- [Try it]:
Faithfully repeat each entry below, minus the pictures.

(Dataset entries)
******************************

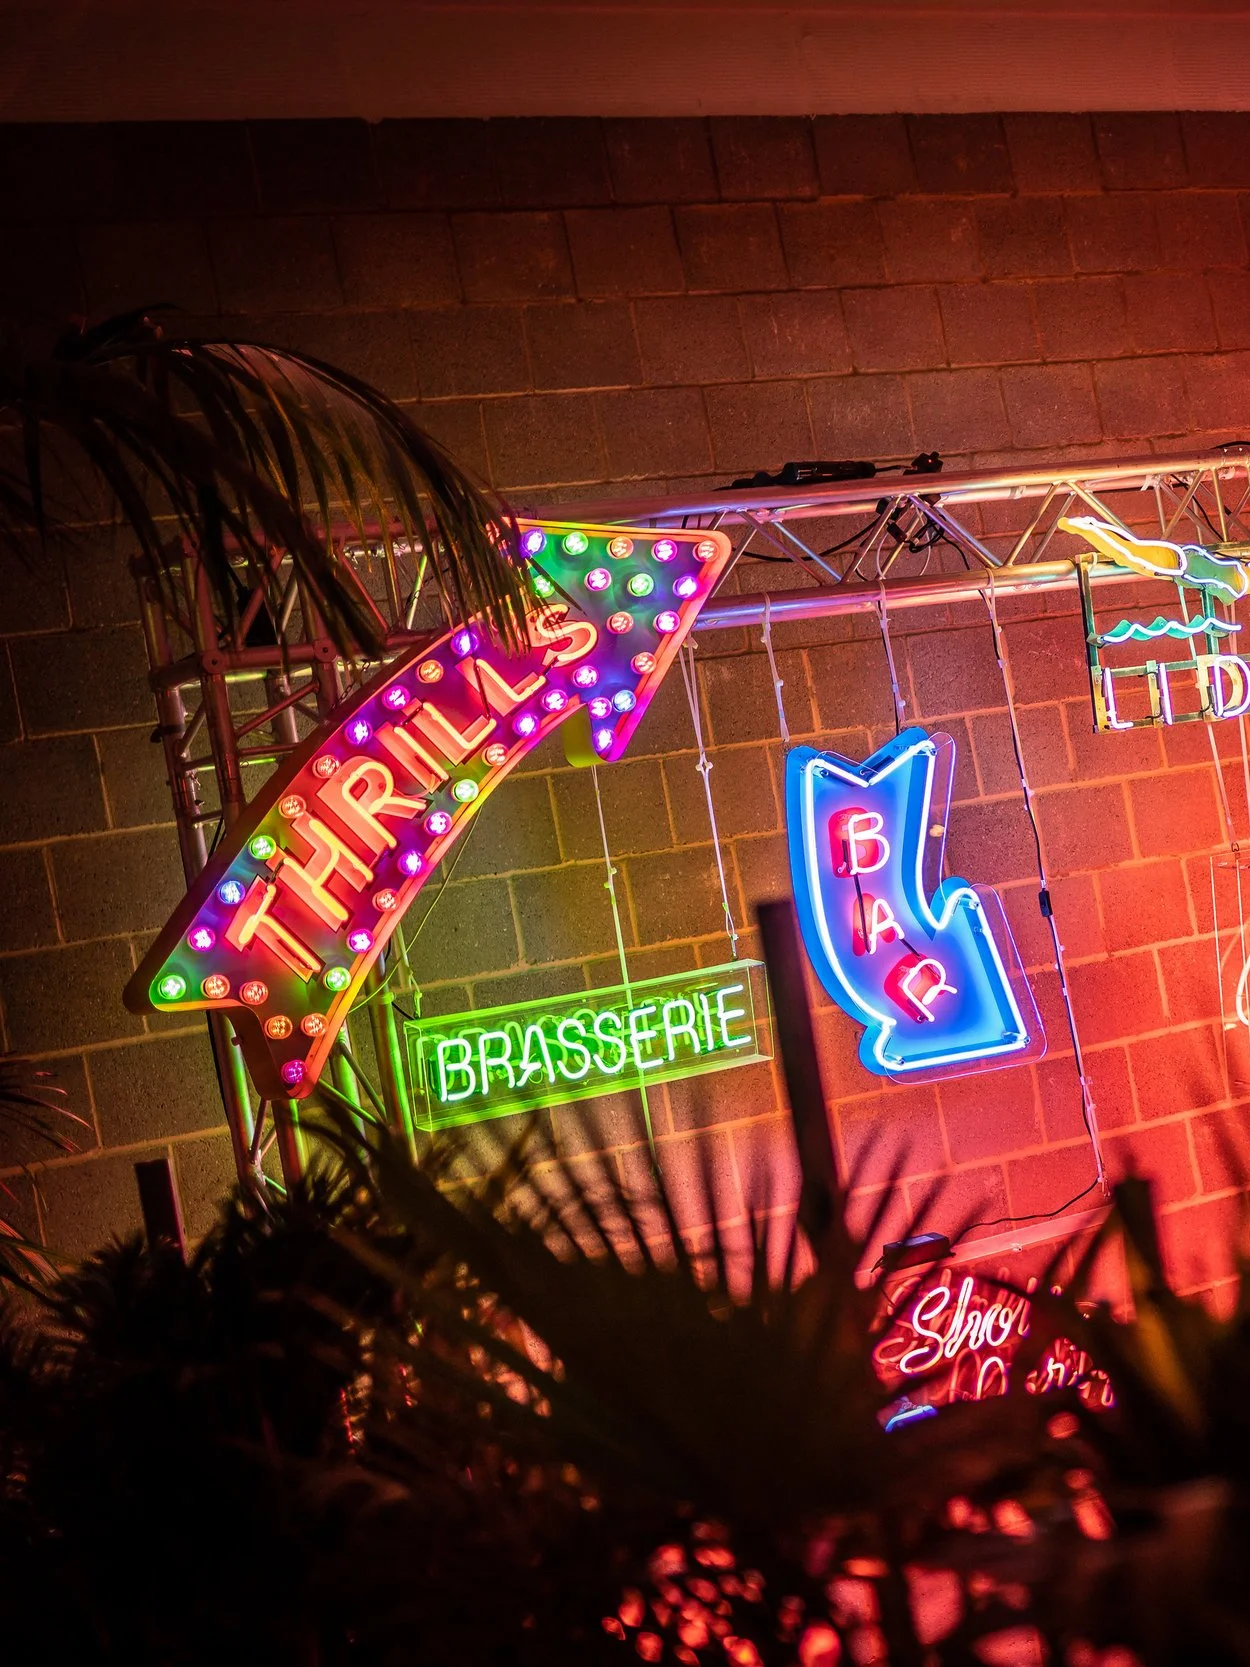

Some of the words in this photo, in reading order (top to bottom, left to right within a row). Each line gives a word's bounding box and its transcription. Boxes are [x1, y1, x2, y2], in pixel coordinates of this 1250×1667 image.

[227, 603, 598, 980] THRILLS
[838, 808, 957, 1023] BAR
[436, 983, 753, 1103] BRASSERIE
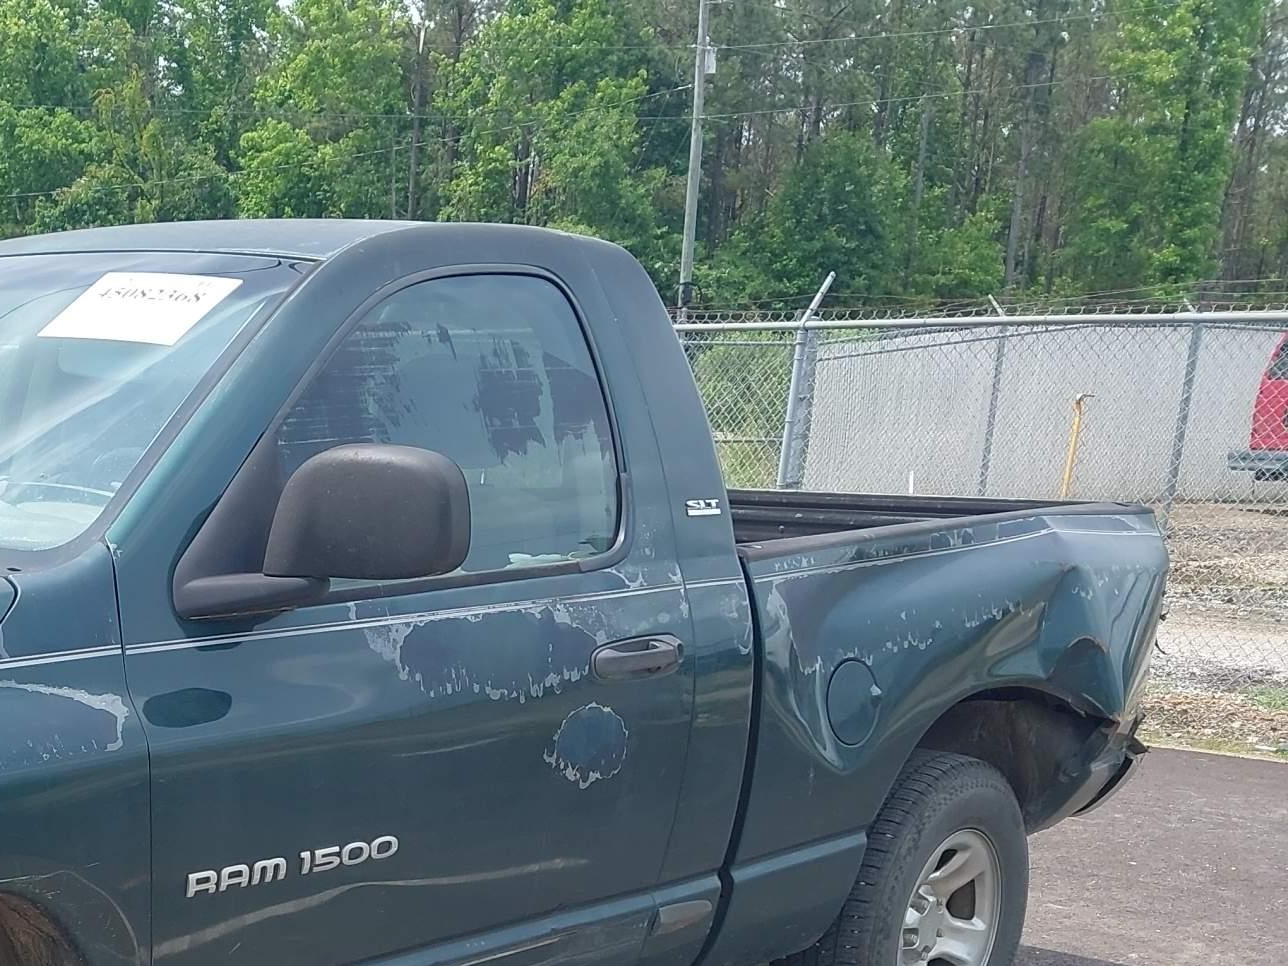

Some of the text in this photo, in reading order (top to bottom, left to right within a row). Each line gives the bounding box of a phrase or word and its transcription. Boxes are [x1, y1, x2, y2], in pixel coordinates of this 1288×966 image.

[685, 498, 720, 510] SLT
[185, 835, 399, 898] RAM 1500

******************************

- [Task solution]:
Some of the words in this photo, in reading order (top to bottom, left to right within a row). Each line gives a word's bounding box and its transcription. Boxes are [x1, y1, x2, y2], in pixel coordinates of this 1250×1667 image.

[227, 603, 598, 980] THRILLS
[838, 808, 957, 1023] BAR
[436, 983, 753, 1103] BRASSERIE

Some of the text in this photo, in reading order (top to bottom, left to right within a row). Each line gives the bounding box of a phrase or word and its transcription. Boxes are [x1, y1, x2, y2], in pixel coordinates of this 1288×966 image.

[685, 498, 720, 510] SLT
[185, 835, 399, 898] RAM 1500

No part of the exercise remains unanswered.